İsrail Kanal 7 Televizyonu internet sitesinin yazarı İtmar Tesur, Arabistan ile barış anlaşması imzalamanın mümkün olduğunu ancak barışın sağlanması için Suudiler tarafından şartların hazırlanmış olması gerektiğini belirtiyor.
Tesur şunları ifade etti: İsrail’in Suud ile barışmasının en önemli ve ilk şartı, Suudilerin Suriye, Lübnan ve Irak’ta yaşayan birkaç milyon Filistinli mültecinin Arabistan topraklarında yaşamalarına izin vererek böylelikle mülteci sorununu bir defada sonsuza kadar çözmeyi kabul etmesidir. Bu mesele şimdiye kadar İsrailliler ve Filistinliler arasında bir barış sağlanmasına engel oldu.
Tesur şu iddiada bulundu: İsrail ile Arabistan arasında barış gerçekleşirse bu, İsrail’in değil, Suudilerin yararına olur. Zira Suudiler de kendileriyle iyi bir barış anlaşmasının imzalanabilmesi için birkaç şartı kabul etmeliler.
Tesur, Siyonist makamlara, Arabistan’la barış anlaşması imzalansa dahi bunun çok da önemli bir gelişme olmayacağı için soğukkanlılıklarını muhafaza etmelerini tavsiye etti.

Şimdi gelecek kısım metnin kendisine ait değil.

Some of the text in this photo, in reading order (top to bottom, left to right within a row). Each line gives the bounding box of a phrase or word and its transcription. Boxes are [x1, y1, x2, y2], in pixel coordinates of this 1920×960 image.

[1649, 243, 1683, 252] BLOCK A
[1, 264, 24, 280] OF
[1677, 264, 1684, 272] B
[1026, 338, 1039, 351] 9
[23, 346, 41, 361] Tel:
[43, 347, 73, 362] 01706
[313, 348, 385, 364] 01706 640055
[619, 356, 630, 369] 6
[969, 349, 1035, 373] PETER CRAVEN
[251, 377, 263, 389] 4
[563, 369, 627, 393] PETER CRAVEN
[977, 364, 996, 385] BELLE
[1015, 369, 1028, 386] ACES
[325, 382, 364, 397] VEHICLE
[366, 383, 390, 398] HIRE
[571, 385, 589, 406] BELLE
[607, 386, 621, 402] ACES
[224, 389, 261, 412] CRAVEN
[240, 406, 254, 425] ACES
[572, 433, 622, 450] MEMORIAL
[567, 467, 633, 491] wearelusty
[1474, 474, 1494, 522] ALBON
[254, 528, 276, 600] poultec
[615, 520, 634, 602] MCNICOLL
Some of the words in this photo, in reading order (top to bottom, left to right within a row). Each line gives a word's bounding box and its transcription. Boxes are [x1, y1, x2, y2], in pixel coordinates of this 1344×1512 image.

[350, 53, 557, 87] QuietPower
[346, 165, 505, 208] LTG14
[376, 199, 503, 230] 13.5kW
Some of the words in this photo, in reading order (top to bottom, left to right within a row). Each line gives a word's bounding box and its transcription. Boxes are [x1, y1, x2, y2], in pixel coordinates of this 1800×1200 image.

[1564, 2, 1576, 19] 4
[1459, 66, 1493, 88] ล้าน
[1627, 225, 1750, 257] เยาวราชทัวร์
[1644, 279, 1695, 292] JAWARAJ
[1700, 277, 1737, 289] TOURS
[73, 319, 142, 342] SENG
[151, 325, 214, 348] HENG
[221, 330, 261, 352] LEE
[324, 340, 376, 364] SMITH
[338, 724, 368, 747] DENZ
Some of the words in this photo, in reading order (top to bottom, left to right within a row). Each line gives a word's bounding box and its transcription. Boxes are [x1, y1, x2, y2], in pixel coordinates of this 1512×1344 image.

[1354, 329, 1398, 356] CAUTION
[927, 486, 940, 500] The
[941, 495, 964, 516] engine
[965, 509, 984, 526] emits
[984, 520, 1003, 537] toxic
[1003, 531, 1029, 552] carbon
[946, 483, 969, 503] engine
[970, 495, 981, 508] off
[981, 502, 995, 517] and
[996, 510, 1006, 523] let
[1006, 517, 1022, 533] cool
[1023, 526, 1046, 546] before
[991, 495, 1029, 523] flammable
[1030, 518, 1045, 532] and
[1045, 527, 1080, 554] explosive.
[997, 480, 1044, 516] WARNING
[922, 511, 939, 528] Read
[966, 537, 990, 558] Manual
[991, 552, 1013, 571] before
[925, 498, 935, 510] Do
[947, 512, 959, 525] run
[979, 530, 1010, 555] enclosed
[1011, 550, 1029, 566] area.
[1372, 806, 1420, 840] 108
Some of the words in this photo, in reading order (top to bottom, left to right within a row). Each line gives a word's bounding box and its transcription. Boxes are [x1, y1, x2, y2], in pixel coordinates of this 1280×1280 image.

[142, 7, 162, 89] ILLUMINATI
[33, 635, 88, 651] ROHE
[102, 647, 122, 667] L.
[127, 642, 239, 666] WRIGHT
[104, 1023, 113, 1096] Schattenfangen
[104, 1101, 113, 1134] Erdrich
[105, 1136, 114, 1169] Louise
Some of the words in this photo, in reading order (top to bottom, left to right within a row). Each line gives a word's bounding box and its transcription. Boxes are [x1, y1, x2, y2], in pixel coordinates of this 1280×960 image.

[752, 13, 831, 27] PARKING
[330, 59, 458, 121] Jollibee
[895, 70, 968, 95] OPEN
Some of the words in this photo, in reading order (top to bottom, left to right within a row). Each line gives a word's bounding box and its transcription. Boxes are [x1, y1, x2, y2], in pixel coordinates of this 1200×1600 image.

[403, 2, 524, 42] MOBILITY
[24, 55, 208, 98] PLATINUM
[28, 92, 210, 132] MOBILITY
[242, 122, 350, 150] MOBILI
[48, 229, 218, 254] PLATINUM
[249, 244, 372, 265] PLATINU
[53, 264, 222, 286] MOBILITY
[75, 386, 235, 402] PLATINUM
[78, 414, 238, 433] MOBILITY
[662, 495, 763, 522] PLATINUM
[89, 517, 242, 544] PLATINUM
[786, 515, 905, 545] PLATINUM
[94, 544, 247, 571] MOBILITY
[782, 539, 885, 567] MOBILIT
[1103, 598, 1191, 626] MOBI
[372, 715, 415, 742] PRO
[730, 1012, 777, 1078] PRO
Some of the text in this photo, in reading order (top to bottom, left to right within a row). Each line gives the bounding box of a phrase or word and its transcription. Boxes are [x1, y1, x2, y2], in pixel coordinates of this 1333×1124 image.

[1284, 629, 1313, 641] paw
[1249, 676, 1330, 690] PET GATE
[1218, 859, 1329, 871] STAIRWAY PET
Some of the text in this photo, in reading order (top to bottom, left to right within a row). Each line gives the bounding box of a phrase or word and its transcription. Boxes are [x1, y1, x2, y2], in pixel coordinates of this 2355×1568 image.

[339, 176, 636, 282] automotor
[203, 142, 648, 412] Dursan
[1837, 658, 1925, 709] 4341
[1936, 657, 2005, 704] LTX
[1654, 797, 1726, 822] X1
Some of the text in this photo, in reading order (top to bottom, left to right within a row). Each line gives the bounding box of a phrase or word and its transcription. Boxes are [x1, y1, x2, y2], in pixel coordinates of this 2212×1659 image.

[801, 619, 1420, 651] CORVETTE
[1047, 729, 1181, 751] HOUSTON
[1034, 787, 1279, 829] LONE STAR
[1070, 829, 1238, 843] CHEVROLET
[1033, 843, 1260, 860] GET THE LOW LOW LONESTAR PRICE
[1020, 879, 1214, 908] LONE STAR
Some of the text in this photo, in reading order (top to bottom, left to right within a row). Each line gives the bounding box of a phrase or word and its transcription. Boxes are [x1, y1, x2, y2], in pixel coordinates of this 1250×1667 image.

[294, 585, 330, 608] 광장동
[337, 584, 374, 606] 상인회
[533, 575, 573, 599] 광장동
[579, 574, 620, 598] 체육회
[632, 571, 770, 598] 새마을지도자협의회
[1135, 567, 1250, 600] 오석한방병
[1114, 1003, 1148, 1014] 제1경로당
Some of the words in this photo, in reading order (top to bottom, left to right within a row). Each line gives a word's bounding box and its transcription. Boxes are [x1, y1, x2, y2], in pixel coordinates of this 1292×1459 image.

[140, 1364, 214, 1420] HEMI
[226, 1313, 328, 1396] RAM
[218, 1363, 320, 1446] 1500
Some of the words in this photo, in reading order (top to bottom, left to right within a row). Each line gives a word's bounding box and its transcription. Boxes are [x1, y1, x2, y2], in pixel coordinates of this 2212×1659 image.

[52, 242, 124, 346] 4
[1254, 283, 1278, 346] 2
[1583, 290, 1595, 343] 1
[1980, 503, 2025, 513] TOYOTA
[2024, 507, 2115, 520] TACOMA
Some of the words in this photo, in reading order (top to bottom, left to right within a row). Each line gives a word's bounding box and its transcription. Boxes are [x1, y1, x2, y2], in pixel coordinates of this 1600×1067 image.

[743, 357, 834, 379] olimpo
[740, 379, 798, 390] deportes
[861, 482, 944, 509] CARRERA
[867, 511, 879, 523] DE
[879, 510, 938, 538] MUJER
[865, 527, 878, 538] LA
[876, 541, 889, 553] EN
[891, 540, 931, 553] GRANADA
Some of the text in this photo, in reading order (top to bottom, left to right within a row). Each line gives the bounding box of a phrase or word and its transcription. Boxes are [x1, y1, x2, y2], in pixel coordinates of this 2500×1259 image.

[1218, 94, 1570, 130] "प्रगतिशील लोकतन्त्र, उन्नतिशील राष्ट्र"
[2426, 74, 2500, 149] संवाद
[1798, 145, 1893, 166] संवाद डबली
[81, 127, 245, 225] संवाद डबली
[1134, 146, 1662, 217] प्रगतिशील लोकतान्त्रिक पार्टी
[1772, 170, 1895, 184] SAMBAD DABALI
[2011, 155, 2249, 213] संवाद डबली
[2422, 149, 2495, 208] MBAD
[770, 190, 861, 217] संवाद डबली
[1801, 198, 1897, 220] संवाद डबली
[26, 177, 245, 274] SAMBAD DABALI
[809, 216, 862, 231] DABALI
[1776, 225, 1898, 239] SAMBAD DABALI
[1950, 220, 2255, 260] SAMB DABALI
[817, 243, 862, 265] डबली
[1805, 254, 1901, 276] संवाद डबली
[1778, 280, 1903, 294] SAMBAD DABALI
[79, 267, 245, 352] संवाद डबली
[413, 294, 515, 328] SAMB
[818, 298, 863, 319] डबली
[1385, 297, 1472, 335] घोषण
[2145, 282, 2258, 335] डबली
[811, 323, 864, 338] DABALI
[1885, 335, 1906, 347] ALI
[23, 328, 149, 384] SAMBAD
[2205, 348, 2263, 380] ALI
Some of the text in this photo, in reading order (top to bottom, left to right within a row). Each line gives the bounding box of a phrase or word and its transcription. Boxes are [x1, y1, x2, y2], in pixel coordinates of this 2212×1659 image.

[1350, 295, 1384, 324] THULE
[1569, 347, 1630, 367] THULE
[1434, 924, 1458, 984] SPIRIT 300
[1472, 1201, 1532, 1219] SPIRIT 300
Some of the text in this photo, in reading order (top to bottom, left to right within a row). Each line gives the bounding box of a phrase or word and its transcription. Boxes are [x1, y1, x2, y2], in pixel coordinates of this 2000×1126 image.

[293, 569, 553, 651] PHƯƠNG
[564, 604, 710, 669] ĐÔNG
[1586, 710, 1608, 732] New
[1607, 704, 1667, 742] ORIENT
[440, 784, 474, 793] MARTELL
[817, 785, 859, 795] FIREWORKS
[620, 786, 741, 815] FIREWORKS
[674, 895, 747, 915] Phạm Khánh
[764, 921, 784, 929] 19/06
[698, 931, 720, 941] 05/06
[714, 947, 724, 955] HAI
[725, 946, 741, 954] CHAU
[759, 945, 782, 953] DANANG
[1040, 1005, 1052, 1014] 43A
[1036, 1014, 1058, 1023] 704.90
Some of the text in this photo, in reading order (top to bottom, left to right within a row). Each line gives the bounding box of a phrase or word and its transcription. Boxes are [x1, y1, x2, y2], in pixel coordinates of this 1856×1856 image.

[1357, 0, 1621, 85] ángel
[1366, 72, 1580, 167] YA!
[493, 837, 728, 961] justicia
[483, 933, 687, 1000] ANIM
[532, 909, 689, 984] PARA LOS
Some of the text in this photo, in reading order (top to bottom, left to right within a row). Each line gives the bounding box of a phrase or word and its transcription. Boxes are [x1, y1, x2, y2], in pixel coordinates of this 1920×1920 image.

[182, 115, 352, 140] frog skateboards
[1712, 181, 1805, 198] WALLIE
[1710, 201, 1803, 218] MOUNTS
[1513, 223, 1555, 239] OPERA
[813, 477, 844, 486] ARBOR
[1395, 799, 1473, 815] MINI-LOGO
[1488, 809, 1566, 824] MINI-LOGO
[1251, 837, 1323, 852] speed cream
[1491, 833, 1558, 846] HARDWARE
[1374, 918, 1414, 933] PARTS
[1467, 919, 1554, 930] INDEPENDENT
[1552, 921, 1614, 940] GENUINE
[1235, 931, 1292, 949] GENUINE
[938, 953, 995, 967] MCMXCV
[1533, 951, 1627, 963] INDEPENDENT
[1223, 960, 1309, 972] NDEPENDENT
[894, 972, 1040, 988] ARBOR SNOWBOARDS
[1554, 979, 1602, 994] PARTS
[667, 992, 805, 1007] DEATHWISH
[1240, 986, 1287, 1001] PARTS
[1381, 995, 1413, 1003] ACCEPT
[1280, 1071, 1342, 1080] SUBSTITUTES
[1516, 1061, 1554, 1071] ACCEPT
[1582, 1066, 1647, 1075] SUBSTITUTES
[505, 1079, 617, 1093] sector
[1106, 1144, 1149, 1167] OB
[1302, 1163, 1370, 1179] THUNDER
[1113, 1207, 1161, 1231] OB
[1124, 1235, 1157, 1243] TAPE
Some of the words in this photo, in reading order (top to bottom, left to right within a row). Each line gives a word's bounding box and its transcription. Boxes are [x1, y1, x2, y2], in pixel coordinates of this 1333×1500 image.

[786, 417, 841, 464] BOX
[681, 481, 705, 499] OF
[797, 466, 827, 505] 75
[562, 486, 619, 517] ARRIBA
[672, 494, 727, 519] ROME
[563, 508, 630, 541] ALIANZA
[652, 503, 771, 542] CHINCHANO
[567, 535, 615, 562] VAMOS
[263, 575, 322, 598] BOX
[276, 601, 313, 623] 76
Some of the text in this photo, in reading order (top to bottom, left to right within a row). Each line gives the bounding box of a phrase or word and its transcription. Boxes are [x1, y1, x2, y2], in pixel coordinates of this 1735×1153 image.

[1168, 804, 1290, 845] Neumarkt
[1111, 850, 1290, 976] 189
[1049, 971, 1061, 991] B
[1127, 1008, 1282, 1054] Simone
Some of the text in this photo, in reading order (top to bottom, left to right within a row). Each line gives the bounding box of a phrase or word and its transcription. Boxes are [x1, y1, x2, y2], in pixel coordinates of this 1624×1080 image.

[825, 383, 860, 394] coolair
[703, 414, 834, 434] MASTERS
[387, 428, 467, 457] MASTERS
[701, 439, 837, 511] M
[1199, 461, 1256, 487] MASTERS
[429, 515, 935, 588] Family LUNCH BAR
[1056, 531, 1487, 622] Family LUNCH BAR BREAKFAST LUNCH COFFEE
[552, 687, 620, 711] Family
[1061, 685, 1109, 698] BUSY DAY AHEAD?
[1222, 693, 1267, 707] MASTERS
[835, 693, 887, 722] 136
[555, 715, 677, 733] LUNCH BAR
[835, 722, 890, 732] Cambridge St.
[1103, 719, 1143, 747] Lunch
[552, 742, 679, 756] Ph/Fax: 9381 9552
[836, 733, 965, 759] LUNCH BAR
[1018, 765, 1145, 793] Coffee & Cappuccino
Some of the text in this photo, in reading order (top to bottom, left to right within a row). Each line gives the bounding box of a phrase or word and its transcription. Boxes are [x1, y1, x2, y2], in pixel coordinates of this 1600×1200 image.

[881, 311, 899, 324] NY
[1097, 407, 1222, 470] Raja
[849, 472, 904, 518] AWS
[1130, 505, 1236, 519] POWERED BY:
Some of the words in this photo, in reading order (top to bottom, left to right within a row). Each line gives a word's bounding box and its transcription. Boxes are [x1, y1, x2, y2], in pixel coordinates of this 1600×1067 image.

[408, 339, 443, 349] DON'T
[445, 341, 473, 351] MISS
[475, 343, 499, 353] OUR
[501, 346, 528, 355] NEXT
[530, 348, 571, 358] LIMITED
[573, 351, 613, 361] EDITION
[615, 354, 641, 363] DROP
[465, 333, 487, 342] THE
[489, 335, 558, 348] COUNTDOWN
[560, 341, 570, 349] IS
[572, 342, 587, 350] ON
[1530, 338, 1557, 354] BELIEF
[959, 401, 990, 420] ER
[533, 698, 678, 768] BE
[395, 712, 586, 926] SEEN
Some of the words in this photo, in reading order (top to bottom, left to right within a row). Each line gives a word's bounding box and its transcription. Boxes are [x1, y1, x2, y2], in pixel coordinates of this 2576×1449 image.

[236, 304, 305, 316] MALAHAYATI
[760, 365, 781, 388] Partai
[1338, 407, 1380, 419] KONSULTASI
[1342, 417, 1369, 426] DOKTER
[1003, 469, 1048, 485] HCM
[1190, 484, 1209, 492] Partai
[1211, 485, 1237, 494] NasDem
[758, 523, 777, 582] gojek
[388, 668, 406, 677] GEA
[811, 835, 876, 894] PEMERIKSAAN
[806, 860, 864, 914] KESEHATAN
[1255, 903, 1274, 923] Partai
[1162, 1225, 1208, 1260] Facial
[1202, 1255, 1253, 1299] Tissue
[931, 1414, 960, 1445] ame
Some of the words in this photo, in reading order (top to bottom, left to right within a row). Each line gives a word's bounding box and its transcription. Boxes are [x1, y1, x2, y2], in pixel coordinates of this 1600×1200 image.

Arabi 21 haber ajansı Tesur’un şu açıklamalarını nakletti: Daha önce de 1979’da Mısır ve 1994’de de Ürdün’le barış anlaşması imzalandı, ancak gerçekleşen barış soğuk ve işlevsizdi. Bu anlaşmalar İsrail’in değil daha çok bu iki ülkenin liderlerinin faydasına oldu. Zira bu anlaşmayla kendi menfaatlerini temin edip Batıya yaklaştılar.
İsrailli bu uzman şöyle devam etti: Aslında Mısır ve Ürdün’ün İsrail’le barışı Siyonizm sempatizanlığı ya da Yahudi devletini kabul etmelerinden dolayı değildi aksine kendi menfaatleri içindi.
Siyonist uzman açıklamalarının devamında ise Arabistan ile barış imzalamak için şartlar belirleyerek şunları yazdı: İsrail’in bu barıştan elde edebileceği başarılar, Suudi şirketlerle masada ya da masa dışında imzaladığı tüm ticari ve ekonomik anlaşmaları icra aşamasına taşımak ve İsrail hava sınırlarından Asya’nın doğusuna uçuş için Arabistan hava sahasının açılmasıdır.
Tesur şunları da kaleme aldı: Bu, fazla abartılı bir istek değil zira bunun karşılığında Arabistan barış anlaşması ile İsrail’den daha fazla ayrıcalık alacak. Örneğin onlar yarımadada deniz suyunu arıtabilmek için İsrail teknolojisini kullanacaklar veya İsrail üzerinden Mekke ve Medine’ye gelecek olan Müslüman turistler için sınırları açık olacak. Ancak bu anlaşmanın ilk ve en önemli şartı Suudilerin Suriye, Lübnan ve Irak’ta yaşayan birkaç milyon Filistinli mülteciyi topraklarına yerleştirmeyi kabul ederek mülteci meselesini tek seferde sonsuza kadar çözmesidir. Bu mesele şimdiye kadar Filistinliler ve İsrailliler arasındaki barış anlaşmasının asıl engelidir.
Tesur bu noktada Kuzeyden Şii Irak ve güneyden Yemenli Şii Husiler ile komşu olan ve kendi içinde de 2011’de saltanata karşı ayaklanan Şii bir azınlığa sahip olan Suudi liderlere, kendi topraklarında Sünni Filistinli mülteciler için kuracağı kamplarla bu sorunun üstesinden gelmeyi öneriyor.
İsrail Kanal 7 Televizyonu uzmanı sonuç bölümünde şunları kaydetti: Gerçi bu senaryonun hayata geçirilmesi zordur ancak İsrail Suudi Arabistan ya da Ortadoğu’da bizimle diplomatik ilişkiler kurmak isteyen herhangi bir Arap ülkesi ile yapacağı muhtemel barış anlaşmasının ön şartı olarak bu talebin yerine getirilmesi konusunda ısrarcıdır. Aslında İsrail ile yapacakları işbirliği hatta ilişkileri normalleştirme çalışmaları iflas etmiş Arap ülkelerinin yararınadır. Bu yüzden İsrail acele etmemeli ve duvarın yanında bekleyerek İran, Arabistan ve Türkiye arasındaki savaşın gözlemcisi olmalıdır.